TASK
Set down every record below exactly as written, but leave out the pictures.

(Beginning of PROVIDED DATA)

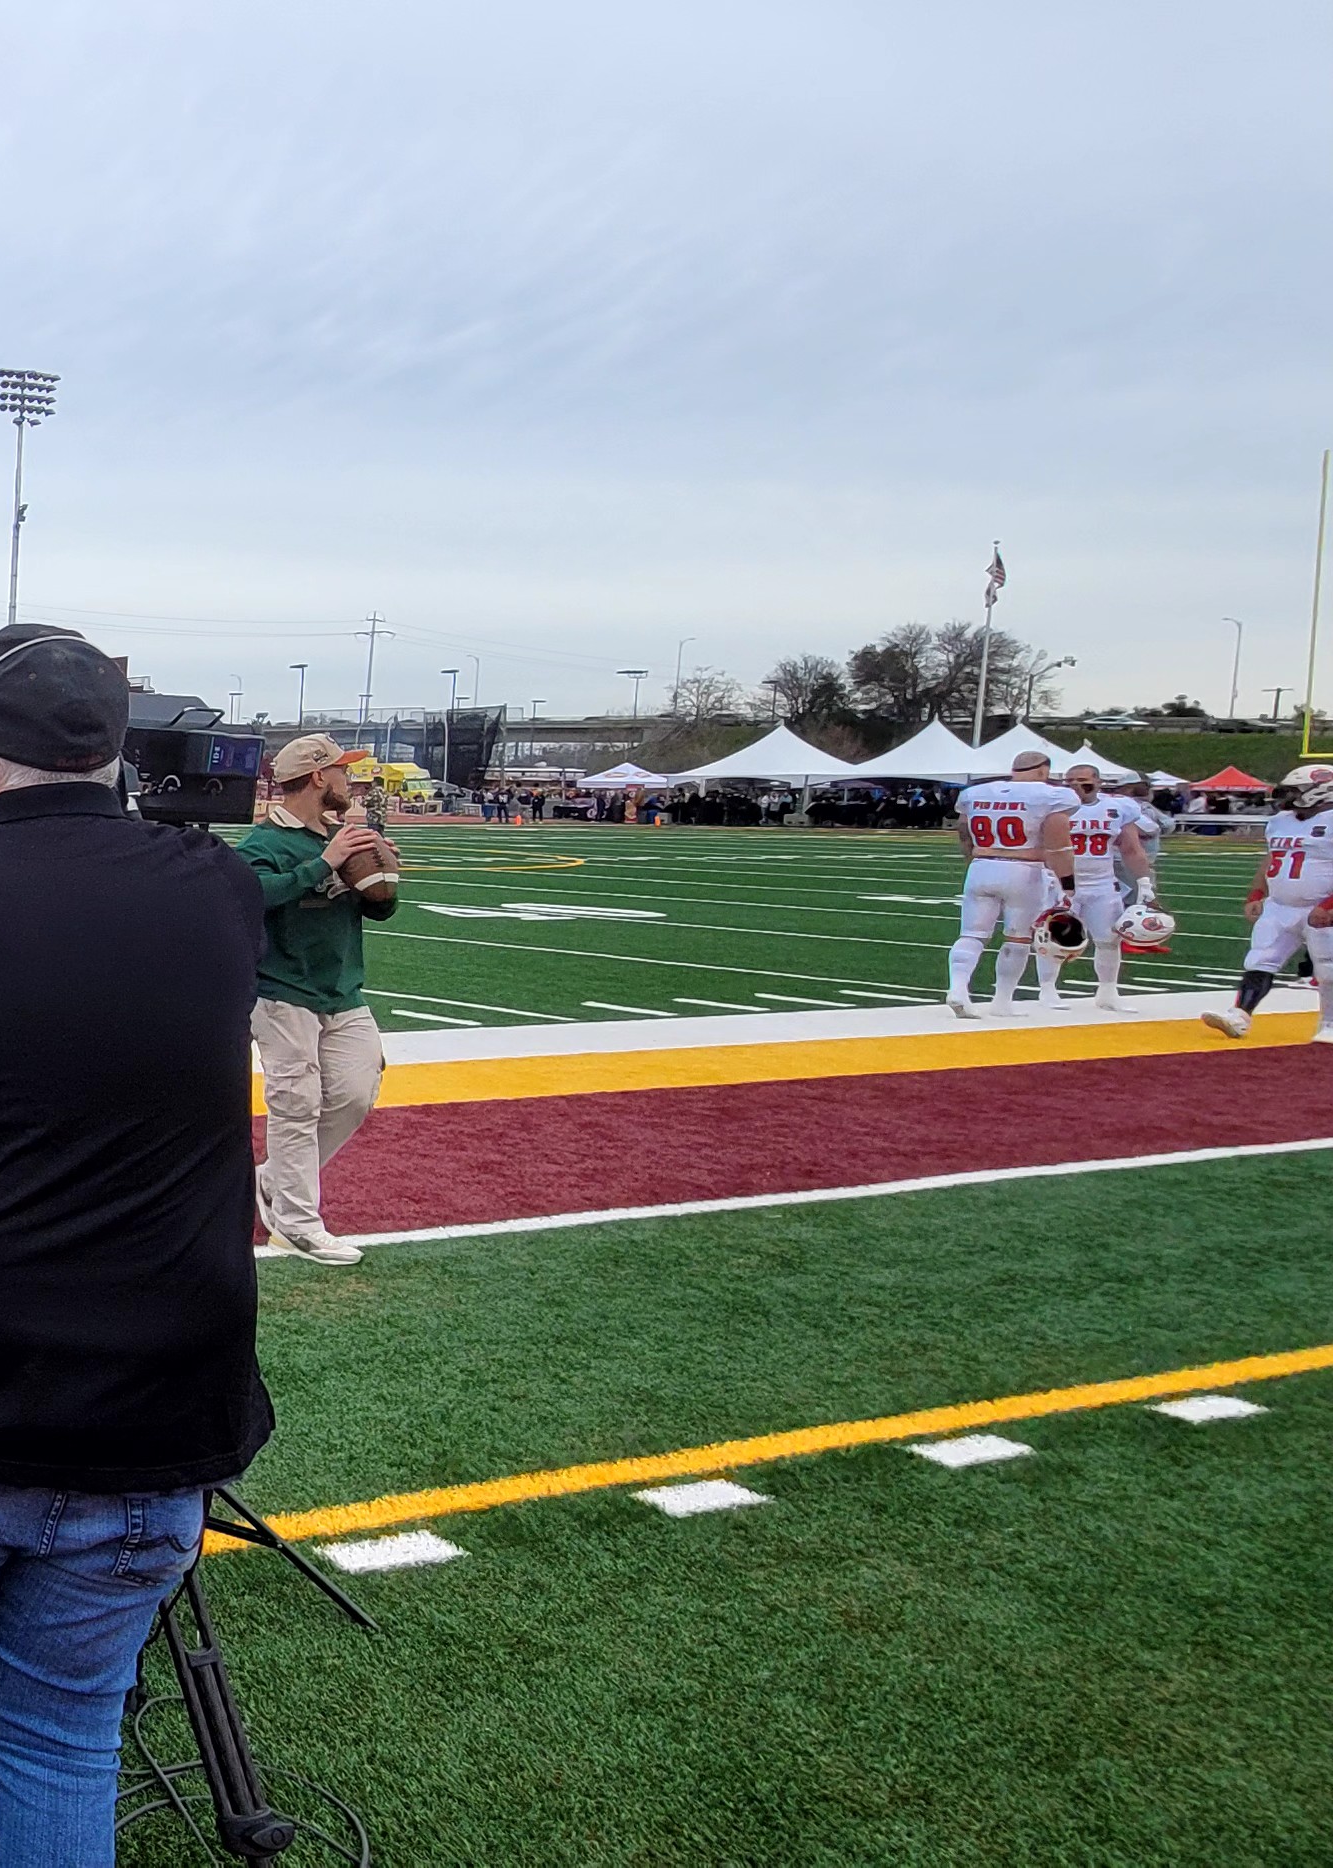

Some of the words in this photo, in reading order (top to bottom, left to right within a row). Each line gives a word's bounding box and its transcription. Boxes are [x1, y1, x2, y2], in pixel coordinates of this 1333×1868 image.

[971, 816, 1027, 847] 90
[1069, 820, 1111, 831] FIRE
[1270, 837, 1304, 849] FIRE
[1266, 851, 1306, 879] 51

(End of PROVIDED DATA)

RESULT FOR THIS TASK
Some of the words in this photo, in reading order (top to bottom, left to right within a row). Each line gives a word's bounding box and its transcription. Boxes are [x1, y1, x2, y2], in pixel coordinates of this 1333×1868 image.

[971, 816, 1027, 847] 90
[1069, 820, 1111, 831] FIRE
[1270, 837, 1304, 849] FIRE
[1266, 851, 1306, 879] 51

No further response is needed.